How DeepSeek‑R1 Uses Pure Reinforcement Learning to Match OpenAI’s o1
This article presents DeepSeek‑R1 and DeepSeek‑R1‑Zero, two next‑generation LLMs trained with pure reinforcement learning and multi‑stage fine‑tuning, details their GRPO training framework, model‑distillation pipeline, open‑source release, and evaluation results that rival OpenAI’s o1‑1217 across reasoning, knowledge, and coding benchmarks.
Introduction
The paper introduces DeepSeek‑R1 and its zero‑shot variant DeepSeek‑R1‑Zero, a new generation of large language models (LLMs) whose reasoning ability is enhanced solely through reinforcement learning (RL) without any supervised fine‑tuning. The models are built on the DeepSeek‑V3‑Base backbone and aim to close the gap with OpenAI’s o1 series.
Method
Reinforcement Learning with GRPO
Training uses Group Relative Policy Optimization (GRPO), which replaces a separate critic model with a group‑based baseline estimated from a set of sampled outputs. For each query q, GRPO samples a group {o₁,…,o_G} from the old policy π_θ_old and maximizes a reward‑adjusted objective to update the policy π_θ.
Reward Modeling
Accuracy reward : evaluates the correctness of the model’s answer.

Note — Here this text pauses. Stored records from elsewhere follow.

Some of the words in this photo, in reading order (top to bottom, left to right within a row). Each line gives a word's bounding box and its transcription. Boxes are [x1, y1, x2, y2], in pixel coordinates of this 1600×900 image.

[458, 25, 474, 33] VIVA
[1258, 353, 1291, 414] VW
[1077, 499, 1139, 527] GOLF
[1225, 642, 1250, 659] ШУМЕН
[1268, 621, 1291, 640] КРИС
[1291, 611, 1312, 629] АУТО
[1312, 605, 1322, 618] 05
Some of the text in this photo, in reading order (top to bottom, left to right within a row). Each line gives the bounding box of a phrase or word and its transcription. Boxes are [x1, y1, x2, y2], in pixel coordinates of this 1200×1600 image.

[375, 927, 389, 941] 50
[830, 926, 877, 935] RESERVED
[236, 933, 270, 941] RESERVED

Format reward : forces the model to wrap its reasoning steps in special tags such as <think>…</think> to improve readability.
Model Variants
DeepSeek‑R1‑Zero is trained purely with RL on the base model, achieving strong reasoning behavior but showing weaknesses in readability and language mixing. DeepSeek‑R1 adds a cold‑start data phase and two rounds of supervised fine‑tuning (SFT) before and after RL, which mitigates those issues and further boosts performance.
Distillation
The authors distilled DeepSeek‑R1 into six smaller models (1.5B, 7B, 8B, 14B, 32B, 70B) using model‑distillation techniques, enabling compact models to inherit the strong reasoning capabilities of the large teacher.
Evaluation Results
Reasoning tasks : DeepSeek‑R1 achieves 79.8% Pass@1 on AIME 2024 (slightly above OpenAI‑o1‑1217) and 97.3% Pass@1 on MATH‑500, outperforming most competitors.
Knowledge tasks : Competitive scores on MMLU, MMLU‑Pro, and GPQA Diamond, slightly below o1‑1217 but above other closed‑source models.

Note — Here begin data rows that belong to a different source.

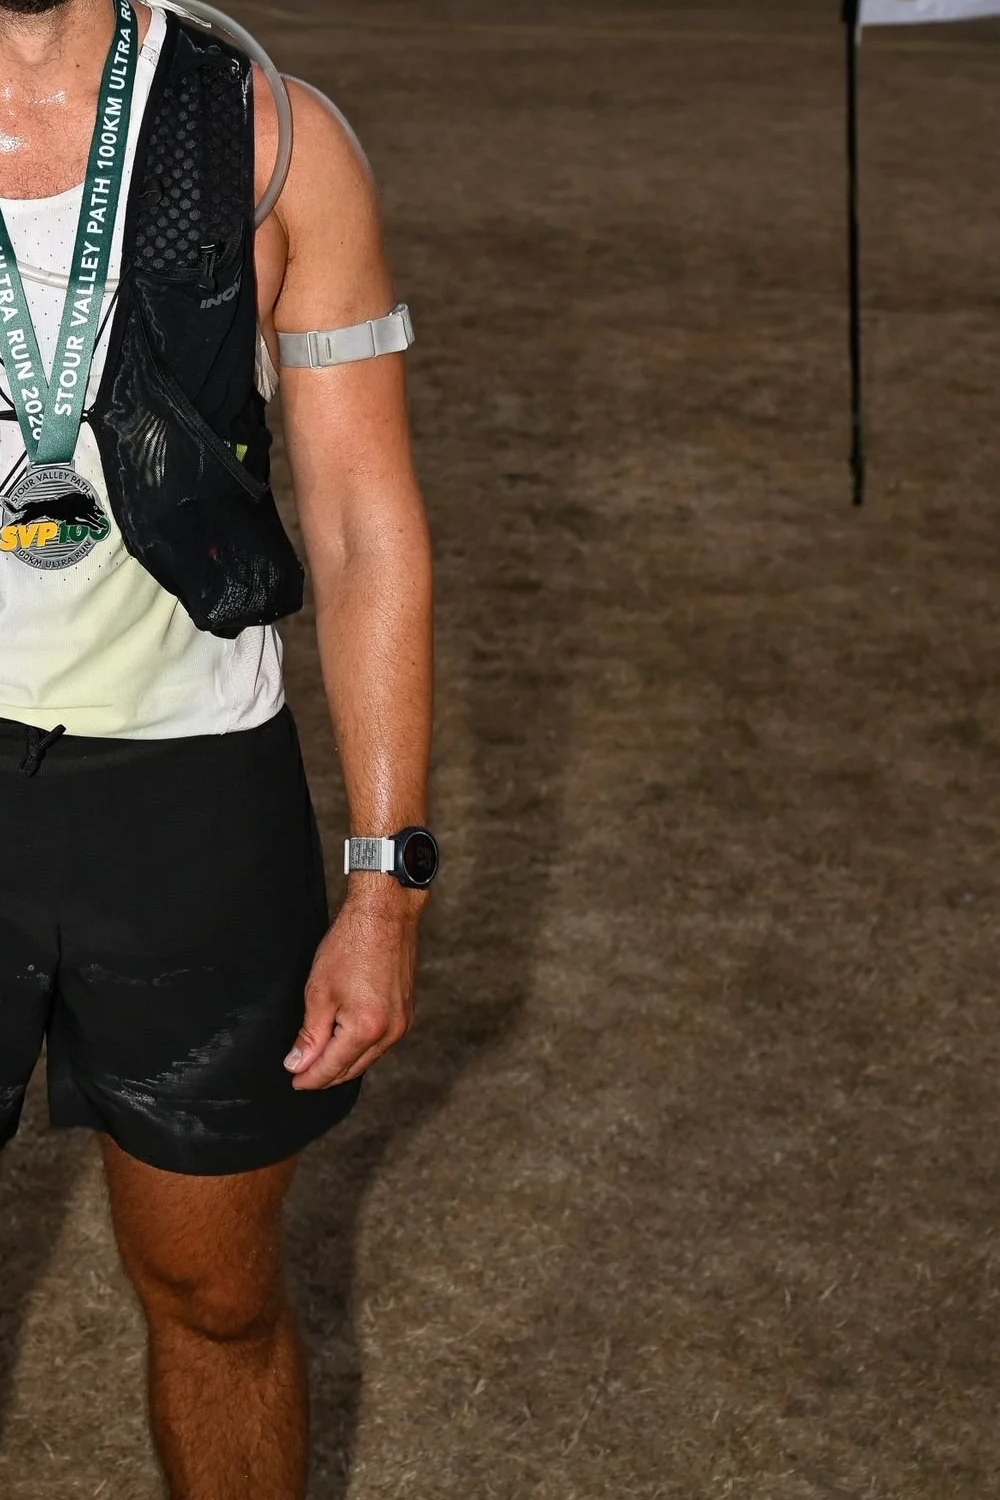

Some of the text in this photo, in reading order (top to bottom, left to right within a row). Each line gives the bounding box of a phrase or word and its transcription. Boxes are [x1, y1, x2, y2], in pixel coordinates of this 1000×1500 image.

[108, 28, 132, 91] ULTRA
[96, 96, 123, 170] 100KM
[86, 177, 111, 234] PATH
[70, 240, 102, 328] VALLEY
[7, 328, 36, 382] RUN
[54, 335, 85, 417] STOUR
[11, 471, 91, 504] STOUR VALLEY PATH
[16, 540, 93, 569] 100KM ULTRA RUN
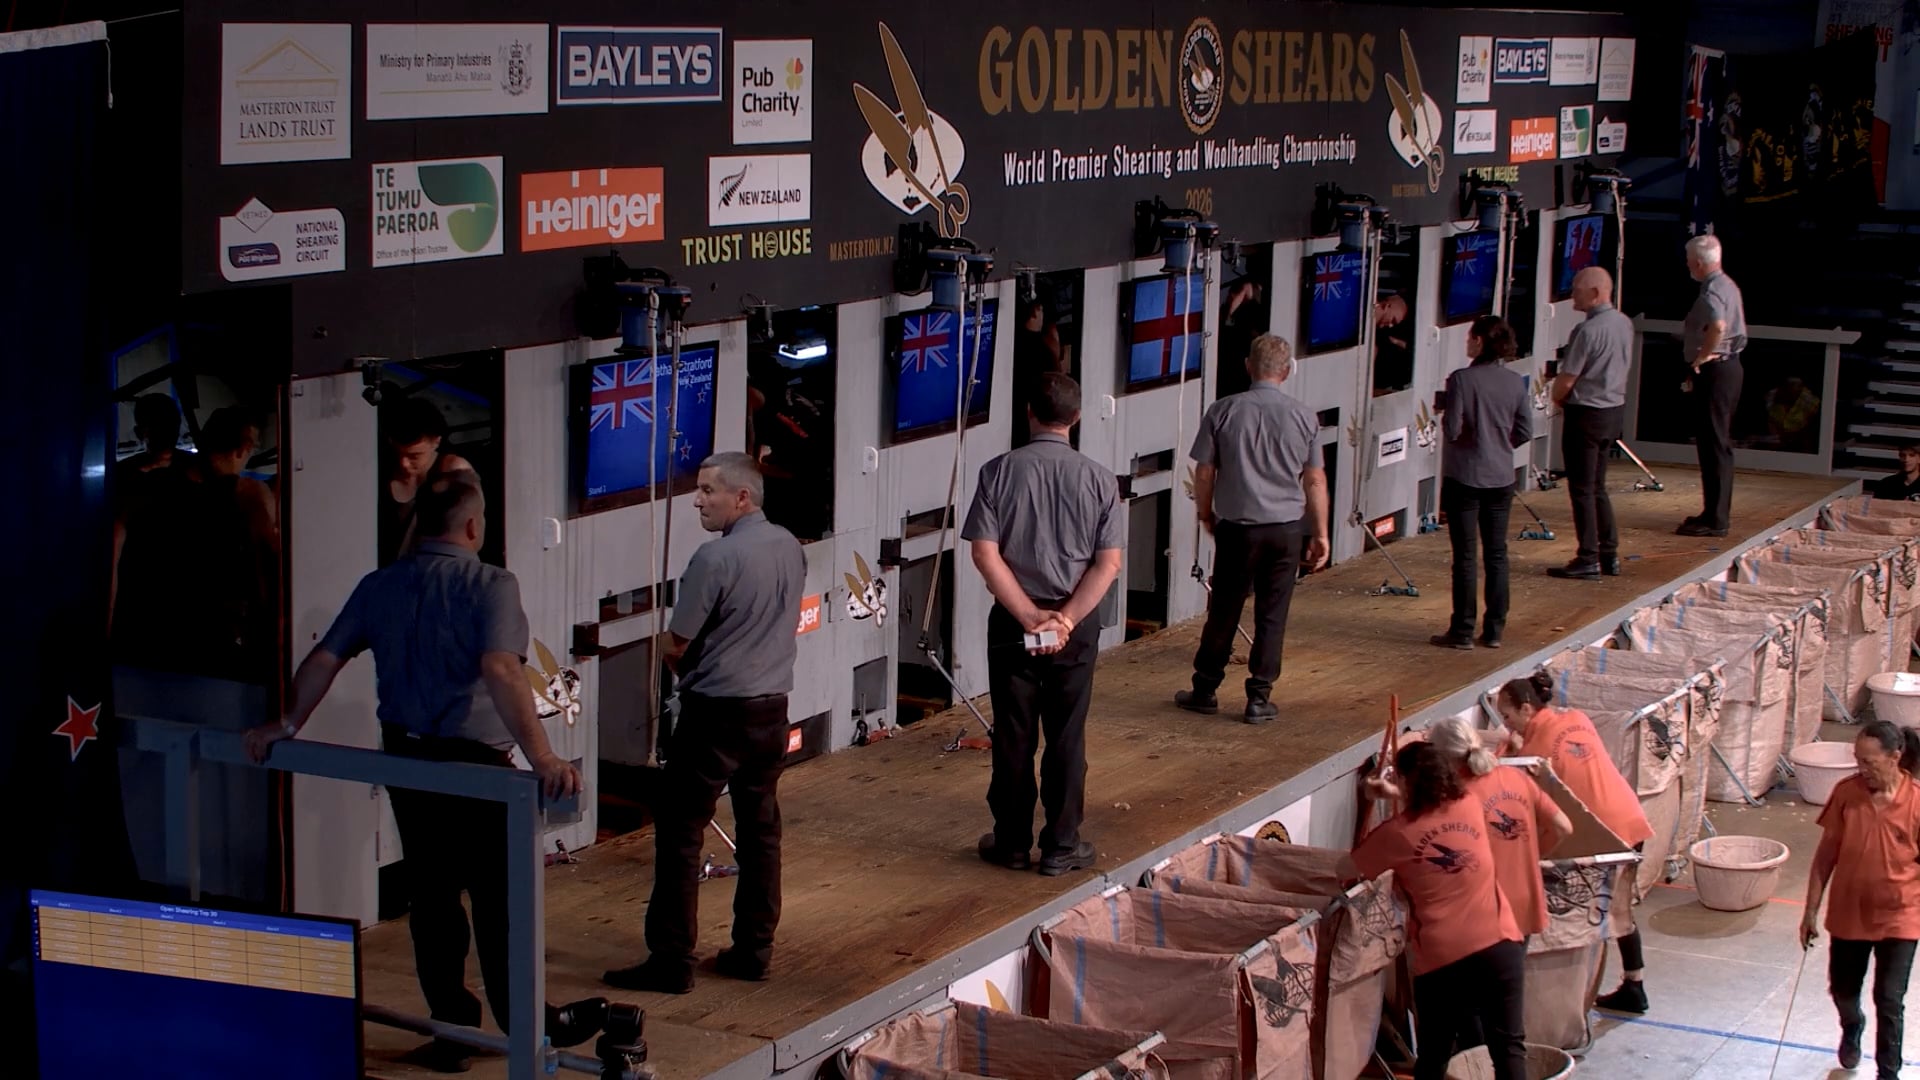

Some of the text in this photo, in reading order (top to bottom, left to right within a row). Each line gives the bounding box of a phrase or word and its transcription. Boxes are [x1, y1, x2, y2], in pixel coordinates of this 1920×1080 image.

[379, 53, 492, 71] Ministry for Primary Industries
[568, 44, 712, 87] BAYLEYS
[978, 26, 1173, 115] GOLDEN
[1229, 29, 1376, 105] SHEARS
[1498, 48, 1546, 73] BAYLEYS
[742, 67, 774, 88] Pub
[240, 101, 336, 115] MASTERTON TRUST
[742, 91, 800, 116] Charity
[240, 119, 336, 139] LANDS TRUST
[1511, 119, 1555, 157] Heiniger
[1004, 133, 1356, 186] World Premier Shearing and Woolhandling Championship
[376, 168, 395, 188] TE
[376, 189, 421, 211] TUMU
[528, 171, 660, 238] Heiniger
[739, 188, 801, 206] NEW ZEALAND
[1186, 187, 1213, 216] 2026
[296, 221, 338, 234] NATIONAL
[377, 211, 439, 235] PAEROA
[296, 234, 339, 248] SHEARING
[681, 227, 812, 266] TRUST HOUSE
[829, 234, 895, 262] MASTERTON.NZ
[296, 249, 329, 262] CIRCUIT
[160, 904, 175, 912] Open

Programming & other tasks : 2,029 Elo on Codeforces (top 3.7%), 87.6% win rate on AlpacaEval 2.0, 92.3% on ArenaHard, and strong performance on creative writing, QA, and summarization.
Long‑context tasks : Superior results on AlpacaEval 2.0 and LiveCodeBench compared with DeepSeek‑V3.

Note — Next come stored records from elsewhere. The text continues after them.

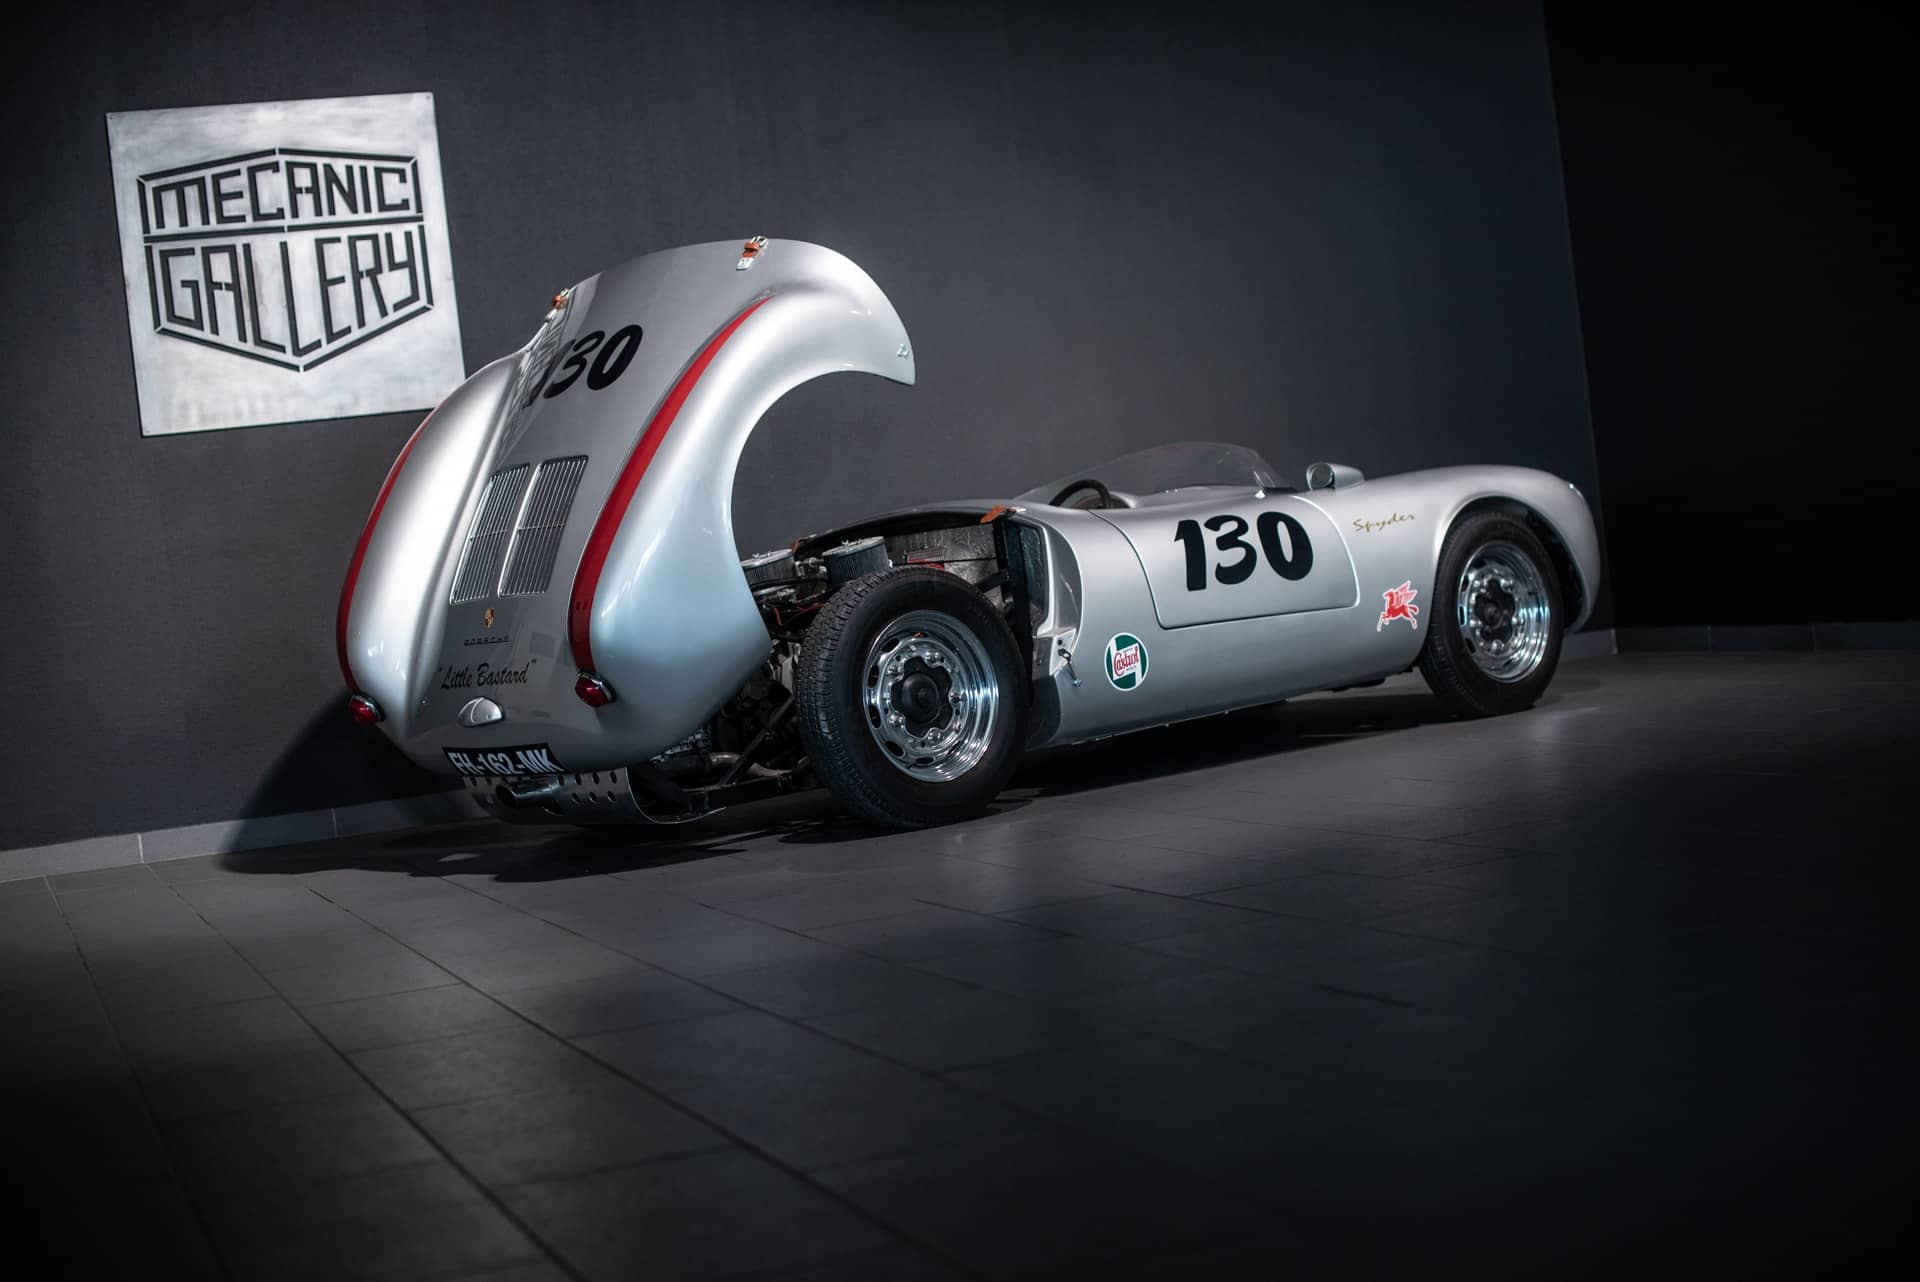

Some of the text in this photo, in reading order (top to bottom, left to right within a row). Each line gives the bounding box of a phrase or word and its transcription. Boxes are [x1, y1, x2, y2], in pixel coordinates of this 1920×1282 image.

[152, 160, 411, 229] MECANIC
[158, 230, 421, 358] GALLERY
[522, 324, 643, 409] 130
[1174, 511, 1313, 591] 130
[1352, 512, 1416, 533] Spyder
[1113, 645, 1139, 677] Castrol

Conclusion and Future Work
The study demonstrates that pure RL can substantially improve LLM reasoning without supervised data, and that distillation can transfer this ability to much smaller models. Future research will focus on reducing language‑mixing, extending to multi‑turn dialogue, improving performance on software‑engineering tasks, and further optimizing efficiency.
All models and code are released publicly for research use.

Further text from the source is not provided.